[Exercise] Your copy should match the entries exactly, with no images carried over.

[Material for this task]
=== Section Start ===

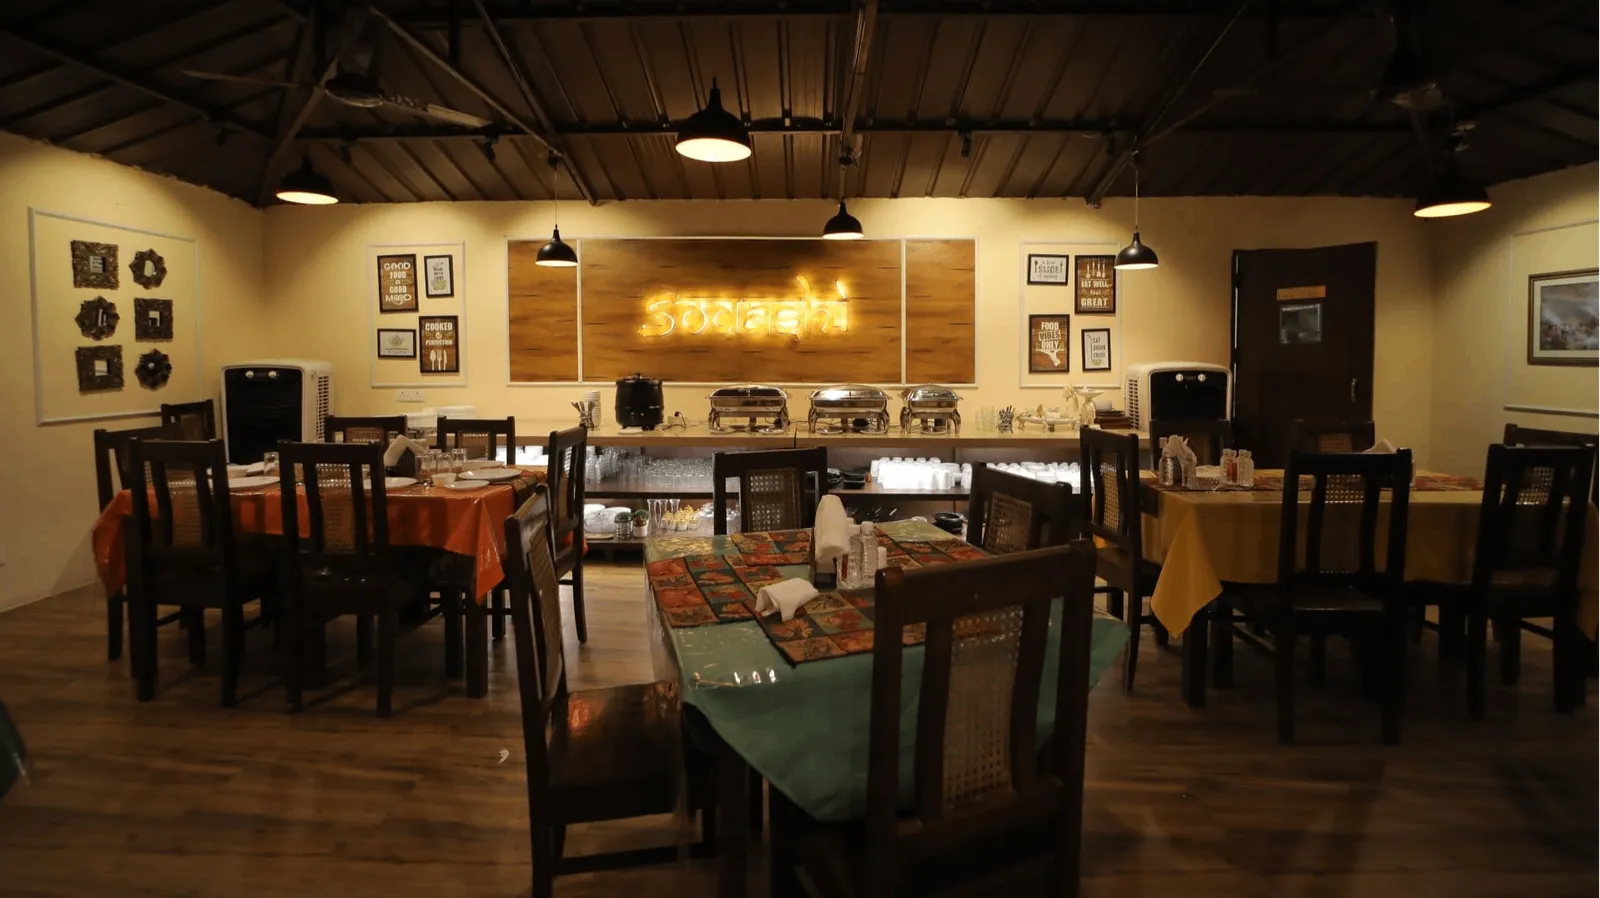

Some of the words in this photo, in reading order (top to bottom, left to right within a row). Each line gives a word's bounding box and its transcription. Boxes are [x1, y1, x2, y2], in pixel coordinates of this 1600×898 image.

[384, 262, 411, 270] GOOD
[390, 271, 407, 279] FOOD
[1081, 280, 1091, 288] EAT
[390, 285, 408, 293] GOOD
[385, 293, 412, 305] MOOD
[1081, 297, 1108, 307] GREAT
[425, 322, 453, 331] COOKED
[1041, 321, 1060, 330] FOOD
[1039, 330, 1061, 340] VIBES
[1041, 340, 1059, 349] ONLY
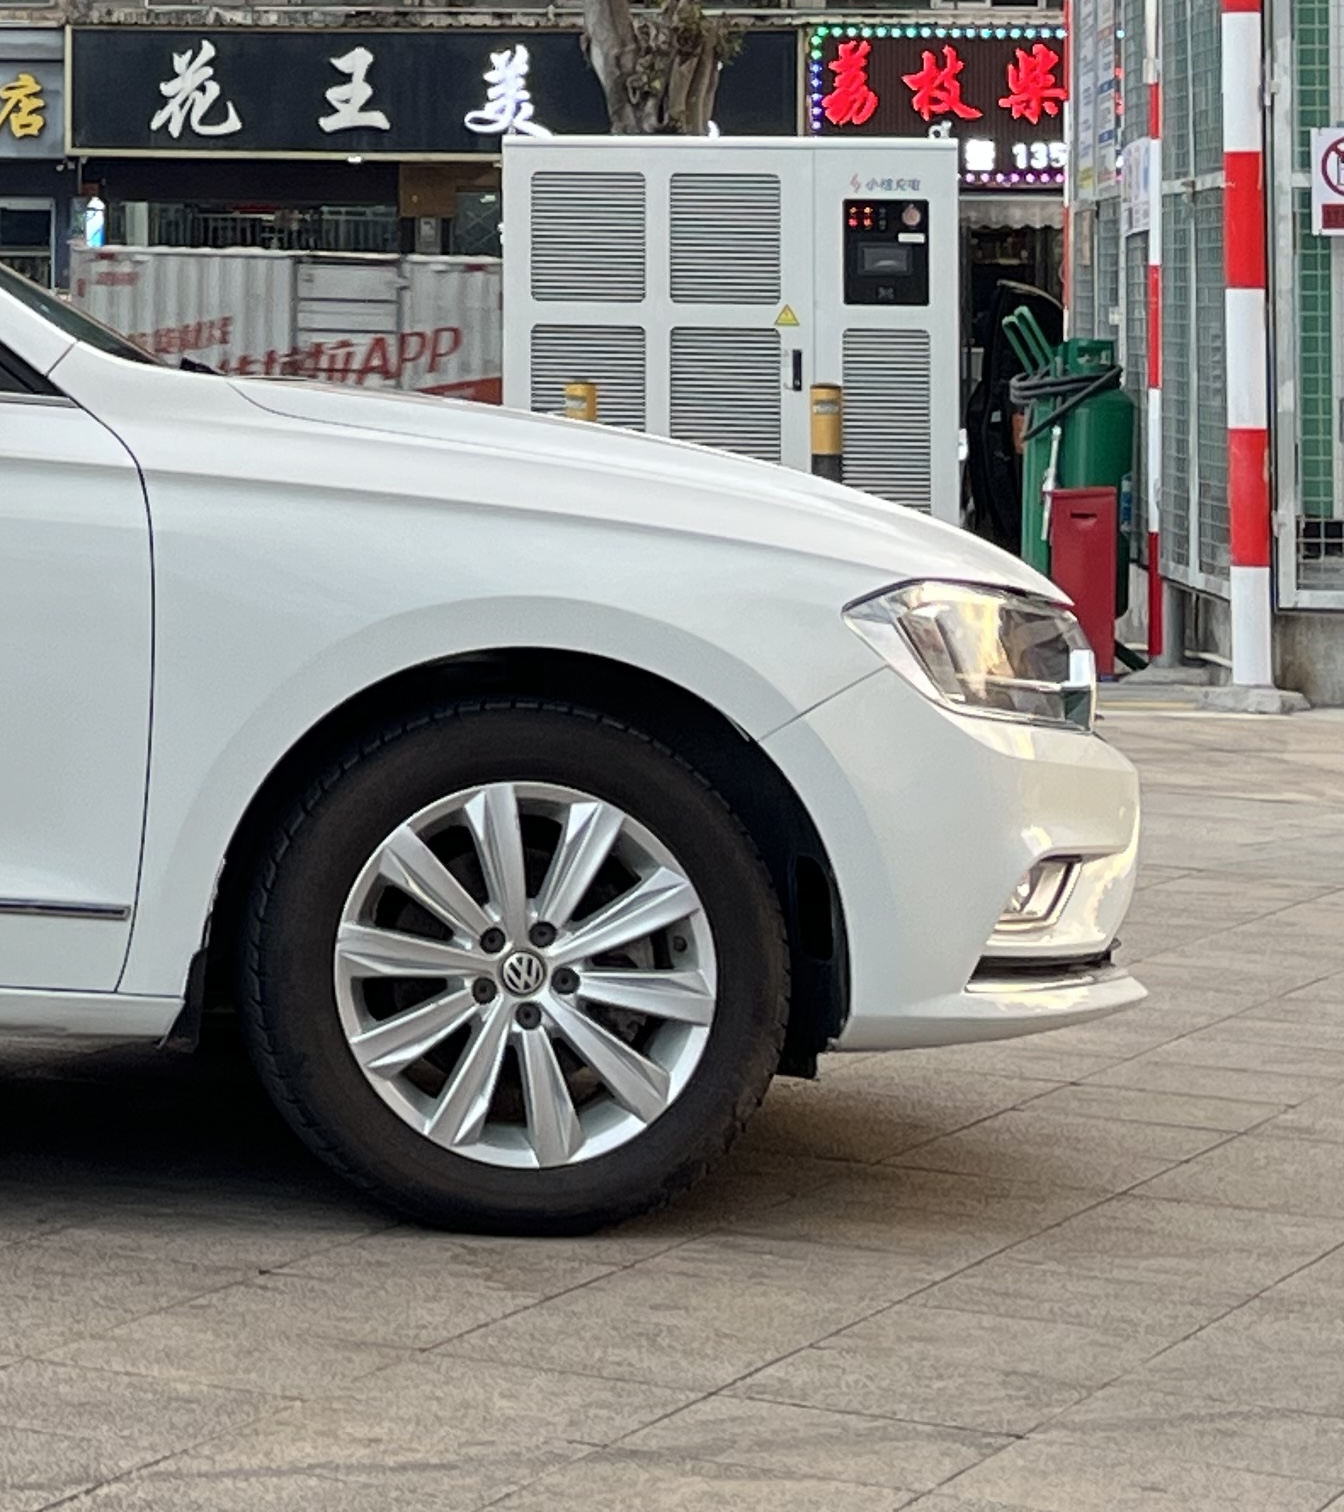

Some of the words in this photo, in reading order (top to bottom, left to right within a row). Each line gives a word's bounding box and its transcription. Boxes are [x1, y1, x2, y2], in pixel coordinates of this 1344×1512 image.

[150, 39, 553, 138] 花王美
[821, 40, 1068, 125] 荔枝柴

=== Section End ===

[Response below]
Some of the words in this photo, in reading order (top to bottom, left to right within a row). Each line gives a word's bounding box and its transcription. Boxes are [x1, y1, x2, y2], in pixel coordinates of this 1600×898 image.

[384, 262, 411, 270] GOOD
[390, 271, 407, 279] FOOD
[1081, 280, 1091, 288] EAT
[390, 285, 408, 293] GOOD
[385, 293, 412, 305] MOOD
[1081, 297, 1108, 307] GREAT
[425, 322, 453, 331] COOKED
[1041, 321, 1060, 330] FOOD
[1039, 330, 1061, 340] VIBES
[1041, 340, 1059, 349] ONLY

Some of the words in this photo, in reading order (top to bottom, left to right within a row). Each line gives a word's bounding box and its transcription. Boxes are [x1, y1, x2, y2], in pixel coordinates of this 1344×1512 image.

[150, 39, 553, 138] 花王美
[821, 40, 1068, 125] 荔枝柴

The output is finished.